#### Your task:
Copy out the records in full, word for word, without pictures.

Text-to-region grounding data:
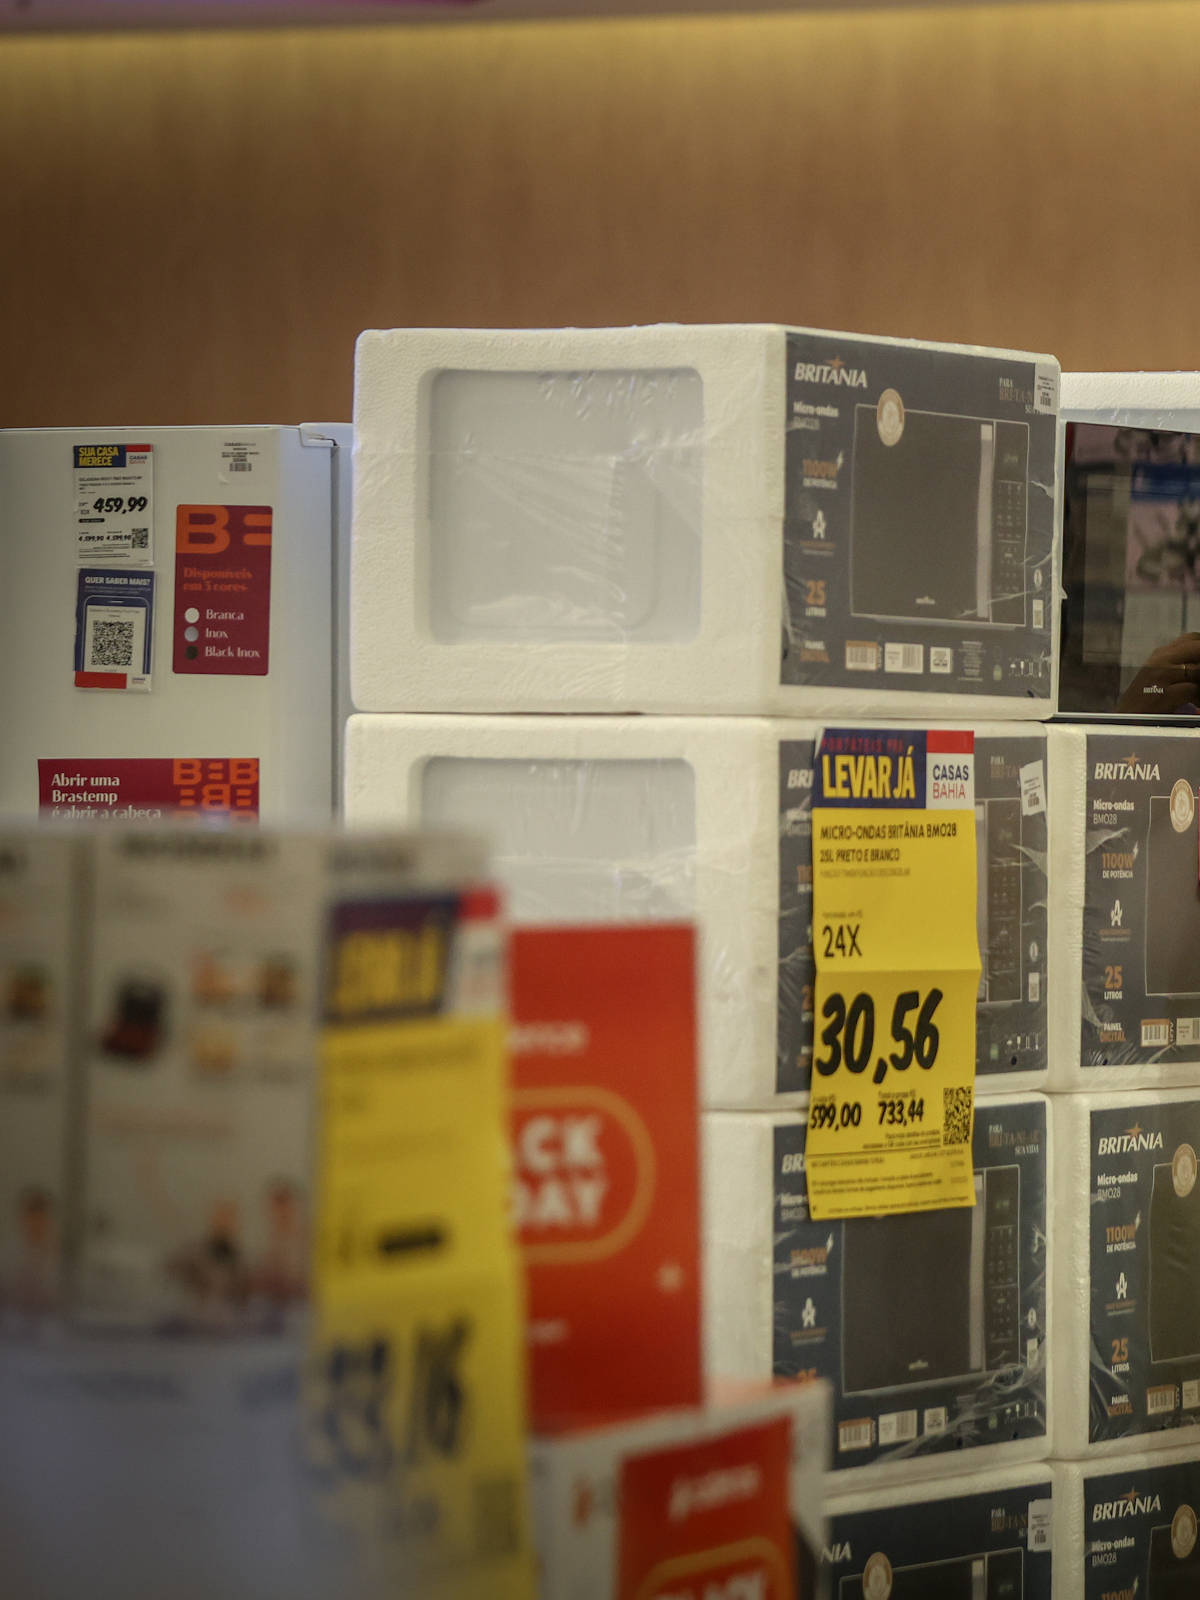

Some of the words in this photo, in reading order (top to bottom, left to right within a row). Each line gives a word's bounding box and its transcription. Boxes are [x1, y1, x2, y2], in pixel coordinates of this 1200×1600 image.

[79, 447, 96, 456] SUA
[97, 447, 119, 457] CASA
[79, 456, 113, 466] MERECE
[93, 496, 148, 515] 459,99
[85, 576, 105, 584] QUER
[105, 577, 129, 585] SABER
[806, 579, 827, 607] 25
[206, 609, 245, 620] Branca
[206, 628, 229, 639] Inox
[205, 646, 235, 657] Black
[237, 647, 261, 658] Inox
[822, 754, 892, 798] LEVAR
[892, 745, 916, 798] JÁ
[933, 764, 969, 781] CASAS
[1094, 763, 1161, 780] BRITANIA
[51, 773, 88, 786] Abrir
[90, 776, 120, 787] uma
[52, 789, 118, 805] Brastemp
[933, 782, 966, 799] BAHIA
[63, 805, 98, 819] abrir
[1093, 799, 1135, 811] Micro-ondas
[820, 824, 886, 840] MICRO-ONDAS
[887, 821, 924, 839] BRITÂNIA
[836, 849, 862, 862] PRETO
[864, 849, 869, 862] E
[870, 848, 900, 861] BRANCO
[1102, 853, 1135, 869] 1100W
[1102, 870, 1109, 879] DE
[822, 924, 863, 958] 24X
[1104, 965, 1123, 990] 25
[1104, 991, 1123, 1000] LITROS
[815, 988, 943, 1084] 30,56
[810, 1101, 862, 1131] 599,00
[878, 1098, 925, 1126] 733,44
[1098, 1131, 1163, 1155] BRITANIA
[1097, 1171, 1138, 1186] Micro-ondas
[1106, 1224, 1137, 1243] 1100W
[1112, 1337, 1129, 1363] 25
[1112, 1362, 1130, 1374] LITROS
[1093, 1494, 1161, 1523] BRITANIA
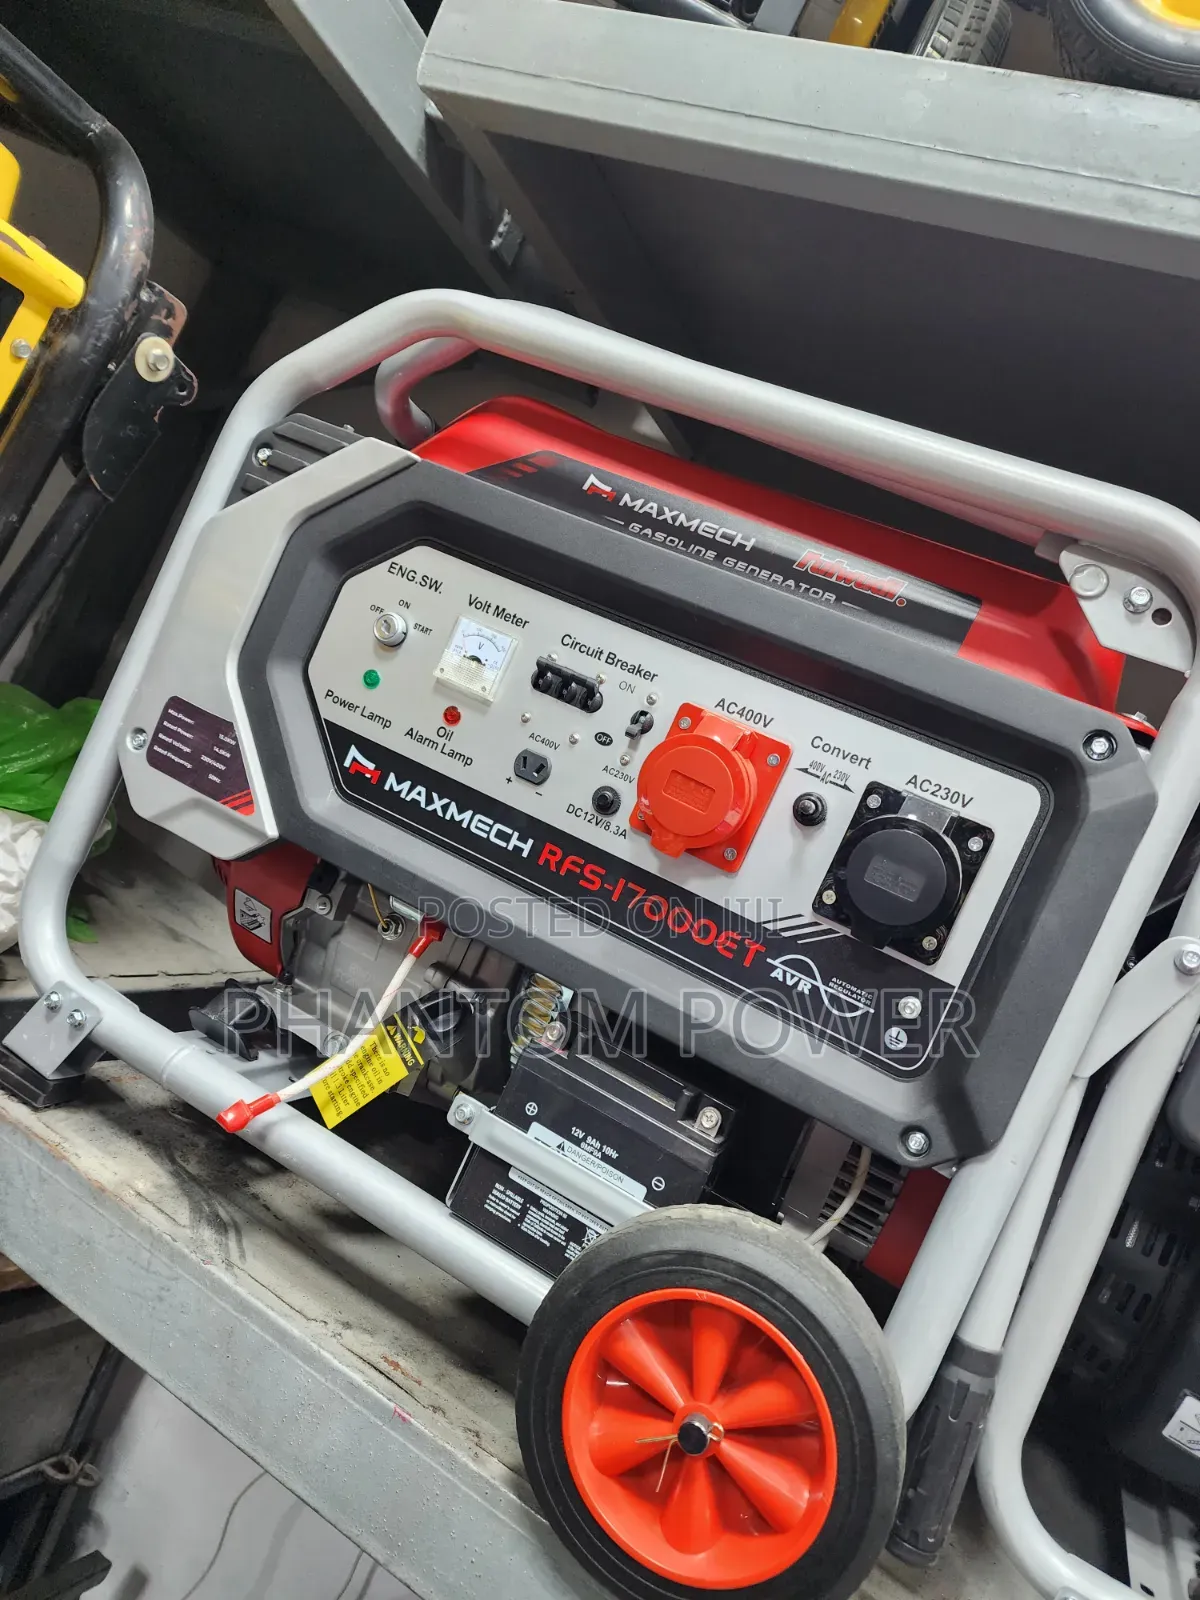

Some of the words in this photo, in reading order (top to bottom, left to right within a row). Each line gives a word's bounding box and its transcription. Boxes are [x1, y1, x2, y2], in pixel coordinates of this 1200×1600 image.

[619, 493, 756, 551] MAXMECH
[628, 522, 717, 562] GASOLINE
[722, 557, 837, 604] GENERATOR
[387, 561, 443, 595] ENG.SW.
[369, 604, 385, 615] OFF
[398, 599, 412, 610] ON
[467, 594, 495, 617] Volt
[492, 604, 531, 630] Meter
[412, 622, 433, 637] START
[560, 634, 605, 661] Circuit
[604, 652, 659, 683] Breaker
[618, 680, 637, 695] ON
[324, 689, 362, 715] Power
[358, 705, 393, 731] Lamp
[714, 698, 775, 730] AC400V
[404, 727, 440, 753] Alarm
[439, 742, 474, 768] Lamp
[436, 726, 454, 742] Oil
[528, 731, 561, 751] AC400V
[596, 732, 612, 746] OFF
[809, 735, 873, 770] Convert
[601, 765, 636, 785] AC230V
[808, 759, 826, 774] 400V
[819, 770, 832, 784] AC
[832, 768, 851, 784] 230V
[905, 773, 975, 810] AC230V
[566, 803, 628, 840] DC12V/8.3A
[383, 772, 533, 858] MAXMECH
[538, 842, 767, 969] RFS-17000ET
[769, 967, 813, 996] AVR
[828, 981, 872, 1006] REGULATOR
[831, 976, 874, 1000] AUTOMATIC
[370, 1042, 381, 1059] There
[394, 1032, 415, 1066] WARNING
[350, 1069, 368, 1098] specified
[371, 1067, 380, 1077] oil
[376, 1076, 383, 1084] in
[328, 1091, 342, 1116] starting.
[346, 1084, 360, 1106] engine
[571, 1126, 585, 1139] 12V
[586, 1134, 602, 1147] 9Ah
[601, 1143, 619, 1159] 10Hr
[566, 1145, 625, 1184] DANGER/POISON

#### Solution to this task:
Some of the words in this photo, in reading order (top to bottom, left to right within a row). Each line gives a word's bounding box and its transcription. Boxes are [x1, y1, x2, y2], in pixel coordinates of this 1200×1600 image.

[79, 447, 96, 456] SUA
[97, 447, 119, 457] CASA
[79, 456, 113, 466] MERECE
[93, 496, 148, 515] 459,99
[85, 576, 105, 584] QUER
[105, 577, 129, 585] SABER
[806, 579, 827, 607] 25
[206, 609, 245, 620] Branca
[206, 628, 229, 639] Inox
[205, 646, 235, 657] Black
[237, 647, 261, 658] Inox
[822, 754, 892, 798] LEVAR
[892, 745, 916, 798] JÁ
[933, 764, 969, 781] CASAS
[1094, 763, 1161, 780] BRITANIA
[51, 773, 88, 786] Abrir
[90, 776, 120, 787] uma
[52, 789, 118, 805] Brastemp
[933, 782, 966, 799] BAHIA
[63, 805, 98, 819] abrir
[1093, 799, 1135, 811] Micro-ondas
[820, 824, 886, 840] MICRO-ONDAS
[887, 821, 924, 839] BRITÂNIA
[836, 849, 862, 862] PRETO
[864, 849, 869, 862] E
[870, 848, 900, 861] BRANCO
[1102, 853, 1135, 869] 1100W
[1102, 870, 1109, 879] DE
[822, 924, 863, 958] 24X
[1104, 965, 1123, 990] 25
[1104, 991, 1123, 1000] LITROS
[815, 988, 943, 1084] 30,56
[810, 1101, 862, 1131] 599,00
[878, 1098, 925, 1126] 733,44
[1098, 1131, 1163, 1155] BRITANIA
[1097, 1171, 1138, 1186] Micro-ondas
[1106, 1224, 1137, 1243] 1100W
[1112, 1337, 1129, 1363] 25
[1112, 1362, 1130, 1374] LITROS
[1093, 1494, 1161, 1523] BRITANIA

Some of the words in this photo, in reading order (top to bottom, left to right within a row). Each line gives a word's bounding box and its transcription. Boxes are [x1, y1, x2, y2], in pixel coordinates of this 1200×1600 image.

[619, 493, 756, 551] MAXMECH
[628, 522, 717, 562] GASOLINE
[722, 557, 837, 604] GENERATOR
[387, 561, 443, 595] ENG.SW.
[369, 604, 385, 615] OFF
[398, 599, 412, 610] ON
[467, 594, 495, 617] Volt
[492, 604, 531, 630] Meter
[412, 622, 433, 637] START
[560, 634, 605, 661] Circuit
[604, 652, 659, 683] Breaker
[618, 680, 637, 695] ON
[324, 689, 362, 715] Power
[358, 705, 393, 731] Lamp
[714, 698, 775, 730] AC400V
[404, 727, 440, 753] Alarm
[439, 742, 474, 768] Lamp
[436, 726, 454, 742] Oil
[528, 731, 561, 751] AC400V
[596, 732, 612, 746] OFF
[809, 735, 873, 770] Convert
[601, 765, 636, 785] AC230V
[808, 759, 826, 774] 400V
[819, 770, 832, 784] AC
[832, 768, 851, 784] 230V
[905, 773, 975, 810] AC230V
[566, 803, 628, 840] DC12V/8.3A
[383, 772, 533, 858] MAXMECH
[538, 842, 767, 969] RFS-17000ET
[769, 967, 813, 996] AVR
[828, 981, 872, 1006] REGULATOR
[831, 976, 874, 1000] AUTOMATIC
[370, 1042, 381, 1059] There
[394, 1032, 415, 1066] WARNING
[350, 1069, 368, 1098] specified
[371, 1067, 380, 1077] oil
[376, 1076, 383, 1084] in
[328, 1091, 342, 1116] starting.
[346, 1084, 360, 1106] engine
[571, 1126, 585, 1139] 12V
[586, 1134, 602, 1147] 9Ah
[601, 1143, 619, 1159] 10Hr
[566, 1145, 625, 1184] DANGER/POISON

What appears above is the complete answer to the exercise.